Looks correct to me and the other threads seem to concur. Google for "udevadm test-builtin net_id" and you'll find it has worked for others too.

----------

## derk

udev can use either name you get to pick  .. which you prefer ..

created a bash shell script from code in original comment  see bug 455822 for general use

----------

## dmpogo

What actually is the reason to use predictable names on a headless server,  which probably does not vary its hardwareand  ?.  Did you 'non-predictable' 

jump a lot ?

----------

## SamuliSuominen

 *dmpogo wrote:*   

> What actually is the reason to use predictable names on a headless server,  which probably does not vary its hardwareand  ?.  Did you 'non-predictable' 
> 
> jump a lot ?

 

If the box only has one network card, it'll always be eth0 and this won't be any of issue -- except you can still use the new predicatable names for just heck of it... or for consistency to match other boxes.

----------

## pakjebakmeel

 *derk wrote:*   

> udev can use either name you get to pick  .. which you prefer ..
> 
> created a bash shell script from code in original comment  see bug 455822 for general use

 

Thanks, that was the answer I was looking for.. Uhm I did try and find the bug you mention but no success. When I try and google for it using different terms I keep ending up in this topic, no other useful results. What's this bug about? Have you got a link?

----------

## derk

https://bugs.gentoo.org/show_bug.cgi?id=453494   use this one                              ..  as this https://bugs.gentoo.org/show_bug.cgi?id=455822  is obsolete

----------

## SamuliSuominen

 *derk wrote:*   

> https://bugs.gentoo.org/show_bug.cgi?id=453494   use this one                              ..  as this https://bugs.gentoo.org/show_bug.cgi?id=455822  is obsolete

 

Just to mention the obvious: The correct bug is mentioned in the issued news item, as well as in the 80-net-name-slot.rules example file we install, which is also at /usr/share/doc/udev-197-r<hit tab>/gentoo/ directory in case you have deleted it or something.

So people have now multiple options to go with, use the init script from the bug and rename the interfaces before udev starts to keep using eth*, script to tell which ones will be the new interfaces for proper migration, ...

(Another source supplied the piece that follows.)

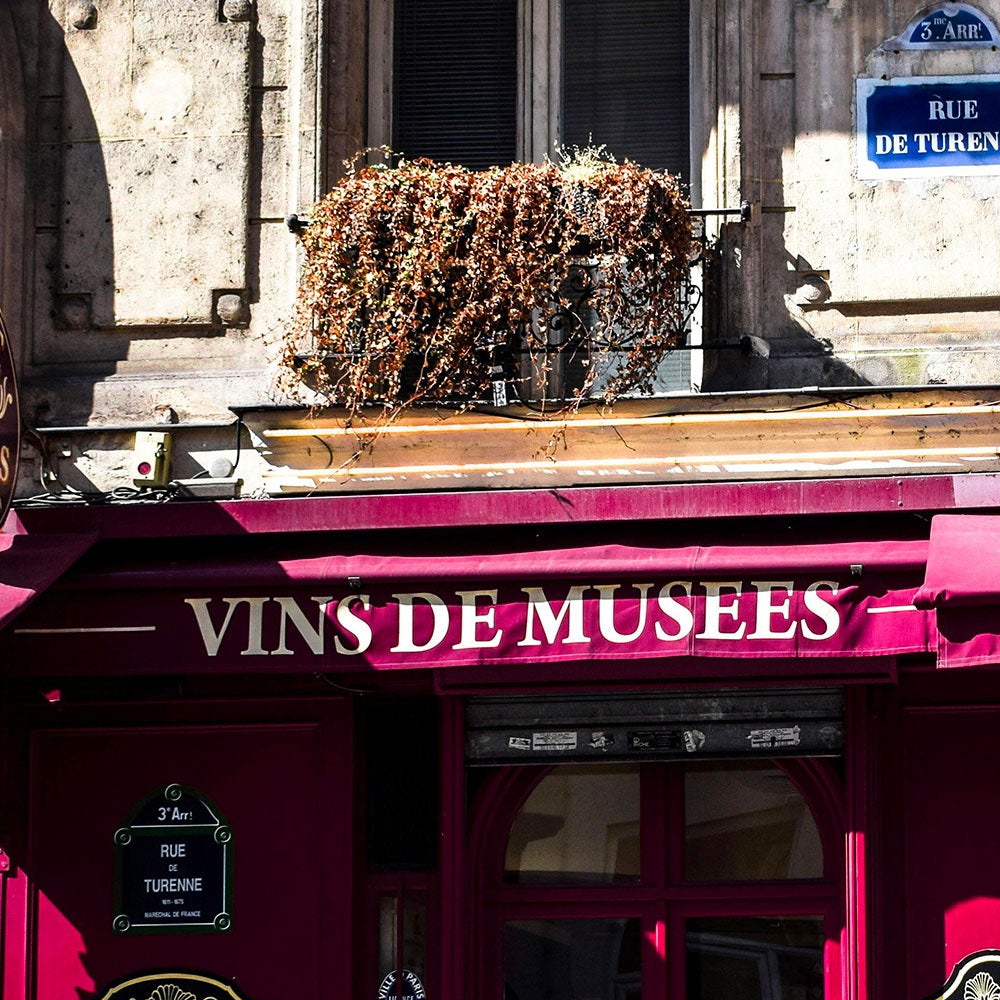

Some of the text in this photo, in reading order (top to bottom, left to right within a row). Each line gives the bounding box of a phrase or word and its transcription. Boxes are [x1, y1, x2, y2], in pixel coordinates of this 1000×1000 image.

And I think the documentation is good enough too, although seeing so many threads here about the same issue hints that it might not be. :-/

----------

## wcg

How does udev choose between ID_NET_NAME_MAC and

ID_NET_NAME_PATH?

----------

## derk

udev does not distinguish between them so far as I know .. they both point to the same device .. only one name  is based on the hardware address on the PCI bus and the other name on the mac address .. use whichever you prefer

the mac address name  form is useful when you have multiple net interfaces of the same type and wish to specify by mac address which card is which ..

----------

## pakjebakmeel

 *ssuominen wrote:*   

>  *derk wrote:*   https://bugs.gentoo.org/show_bug.cgi?id=453494   use this one                              ..  as this https://bugs.gentoo.org/show_bug.cgi?id=455822  is obsolete 
> 
> Just to mention the obvious: The correct bug is mentioned in the issued news item, as well as in the 80-net-name-slot.rules example file we install, which is also at /usr/share/doc/udev-197-r<hit tab>/gentoo/ directory in case you have deleted it or something.
> 
> So people have now multiple options to go with, use the init script from the bug and rename the interfaces before udev starts to keep using eth*, script to tell which ones will be the new interfaces for proper migration, ...
> ...

 

I think the documents is quite ok but what I couldn't get a clear answer on is which name udev is going to use. From what I see now you can use both but that isn't really clear in the docs.

----------

## pakjebakmeel

That worked fine yes.. Thanks!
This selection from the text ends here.